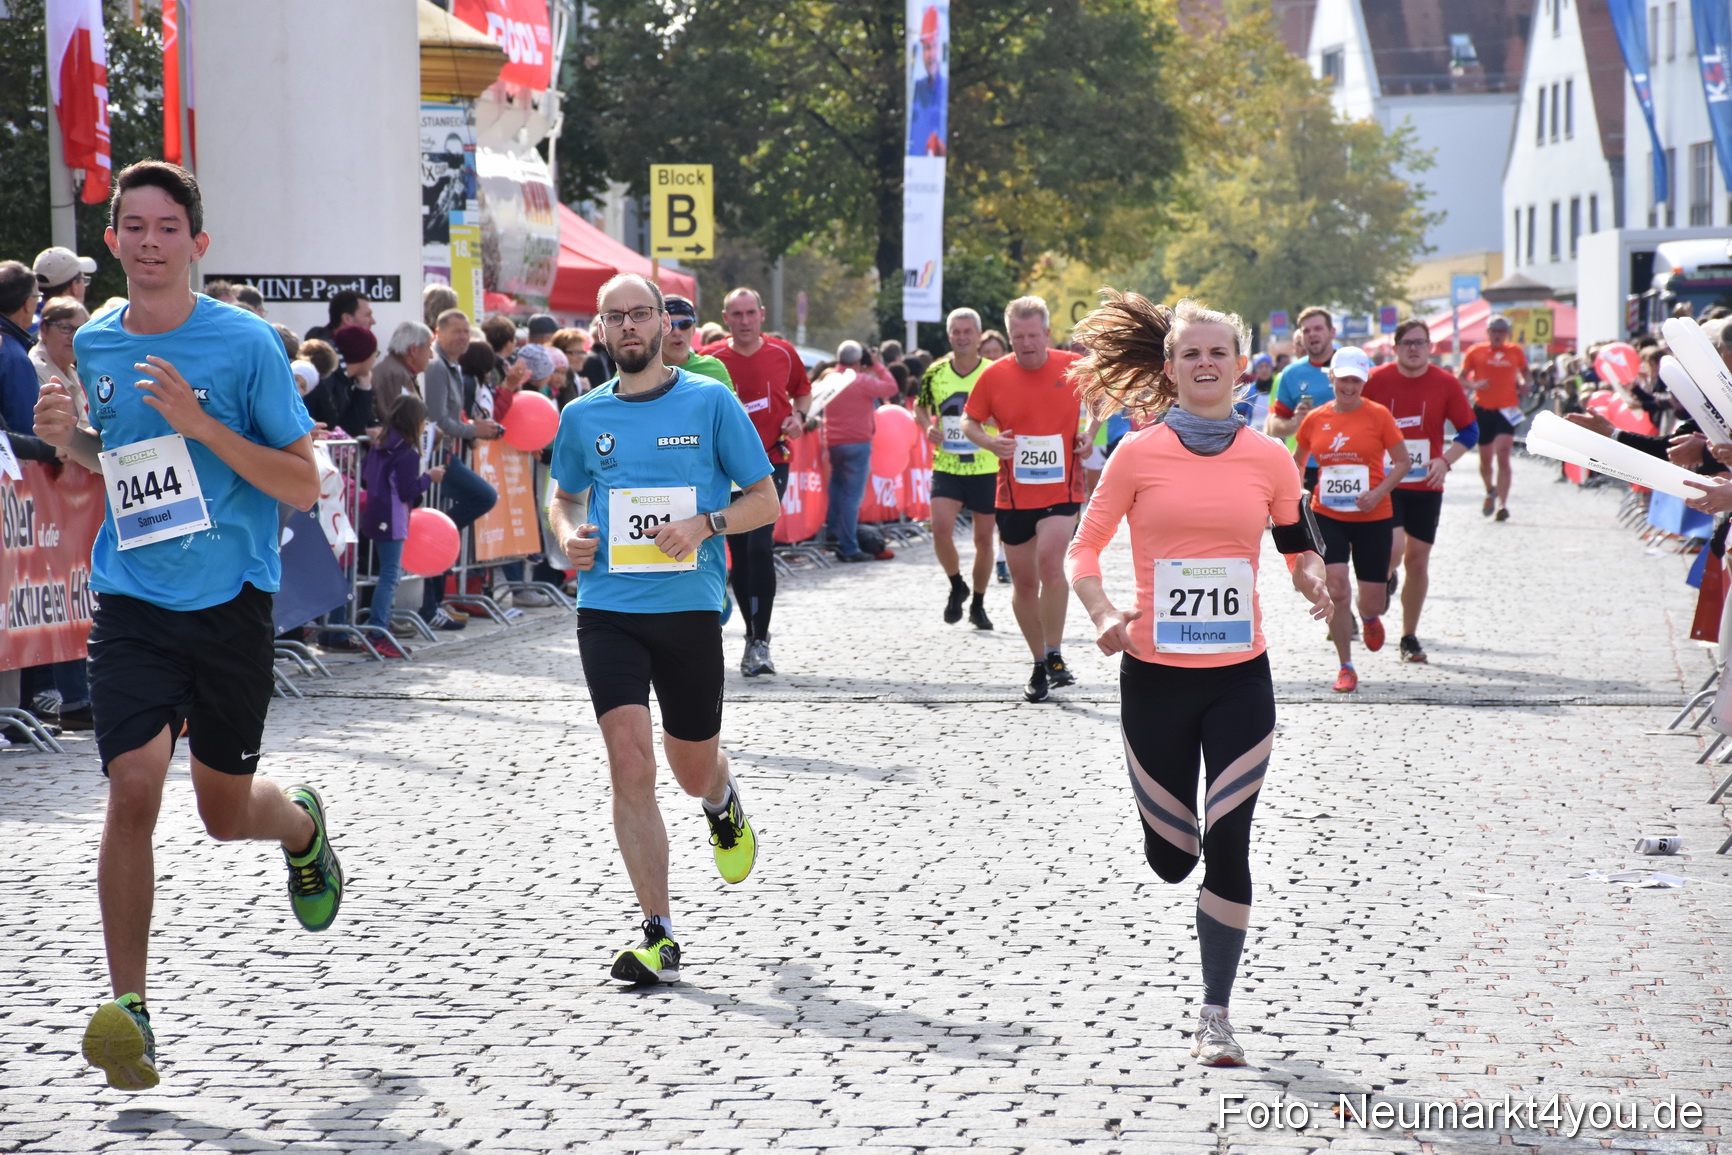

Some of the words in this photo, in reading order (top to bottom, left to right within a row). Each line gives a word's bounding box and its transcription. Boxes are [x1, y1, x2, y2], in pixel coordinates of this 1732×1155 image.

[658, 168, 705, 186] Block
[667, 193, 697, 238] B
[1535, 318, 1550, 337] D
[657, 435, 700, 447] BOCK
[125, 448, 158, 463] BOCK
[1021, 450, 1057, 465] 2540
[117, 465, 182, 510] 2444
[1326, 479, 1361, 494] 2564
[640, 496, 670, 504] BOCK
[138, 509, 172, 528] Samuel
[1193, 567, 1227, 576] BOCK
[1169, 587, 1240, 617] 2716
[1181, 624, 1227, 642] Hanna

=-=-=-=-=

What you need to do: Exclude the pictures and give back the rest of the data above exactly as written.

Output for this task:
Some of the words in this photo, in reading order (top to bottom, left to right within a row). Each line gives a word's bounding box and its transcription. Boxes are [x1, y1, x2, y2], in pixel coordinates of this 1732×1155 image.

[658, 168, 705, 186] Block
[667, 193, 697, 238] B
[1535, 318, 1550, 337] D
[657, 435, 700, 447] BOCK
[125, 448, 158, 463] BOCK
[1021, 450, 1057, 465] 2540
[117, 465, 182, 510] 2444
[1326, 479, 1361, 494] 2564
[640, 496, 670, 504] BOCK
[138, 509, 172, 528] Samuel
[1193, 567, 1227, 576] BOCK
[1169, 587, 1240, 617] 2716
[1181, 624, 1227, 642] Hanna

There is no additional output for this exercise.